Ao detalhar o impacto da catástrofe, De la Espriella insistiu que são "mais de 50.000" as hectares devastadas no departamento, das quais 28.000 correspondem a solos agropecuários. Ele estimou as perdas econômicas em cerca de 36,5 milhões de euros, com 2.660 produtores afetados, 163.000 animais em perigo, danos em 23 municípios e impacto em 507 veredas do território tolimense.
Segundo a atualização mais recente da Unidade Nacional para a Gestão do Risco de Desastres (UNGRD), foram atendidos até agora 17 focos de incêndios florestais na área. Doze deles já foram controlados, enquanto outros cinco continuam "pendentes de atenção".
No que diz respeito ao plano de resposta, o presidente adiantou que serão implementados 343 subsídios de 17.700 euros cada um para a reconstrução de moradias rurais danificadas pelo fogo. Além disso, serão distribuídas 5.000 toneladas de feno e 5.000 toneladas de casca de arroz --resíduo agrícola formado pelas folhas, caules e raízes que ficam após a colheita do grão-- com o objetivo de garantir a alimentação do gado, junto com outras ações complementares.

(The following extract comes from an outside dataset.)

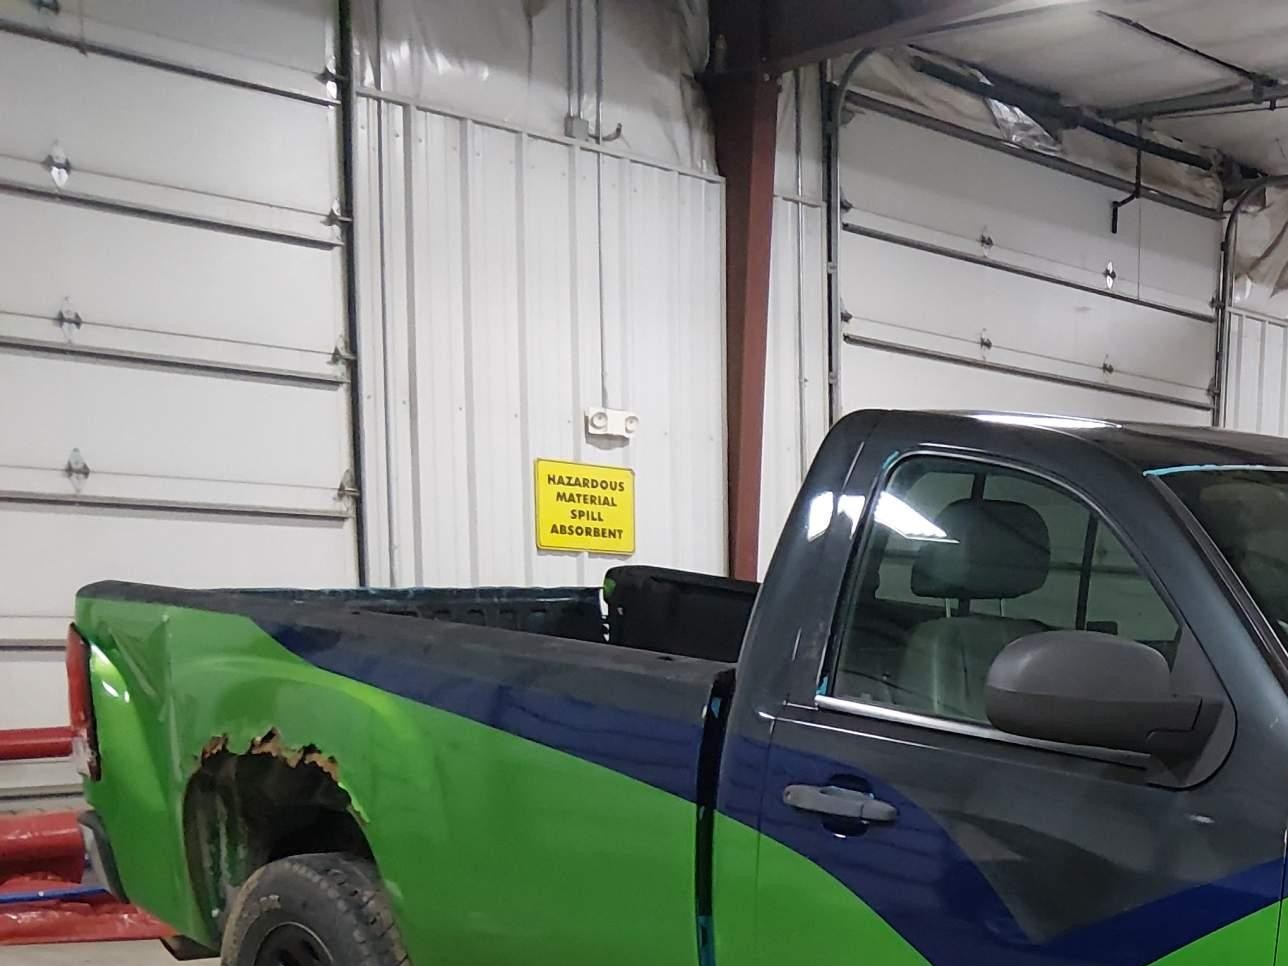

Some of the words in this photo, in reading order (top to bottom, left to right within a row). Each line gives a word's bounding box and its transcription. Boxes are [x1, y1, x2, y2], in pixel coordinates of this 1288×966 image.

[547, 474, 625, 492] HAZARDOUS
[556, 491, 617, 507] MATERIAL
[570, 509, 604, 522] SPILL
[550, 523, 624, 540] ABSORBENT

Além disso, ele explicou que será reforçada a atenção sanitária e a vigilância das doenças respiratórias vinculadas à fumaça e à poluição gerada pelos incêndios, com foco especial na proteção de crianças, idosos e grupos vulneráveis.
"Não vamos abandonar o Tolima quando se apagar a última chama. Vamos permanecer até recuperar seu campo e sua capacidade produtiva. O Tolima tem presidente com 'El Tigre'", concluiu o dirigente ultradireitista, referindo-se a si mesmo com o apelido que assumiu após declarações do ex-presidente Álvaro Uribe (2002-2010) anteriores à sua candidatura presidencial.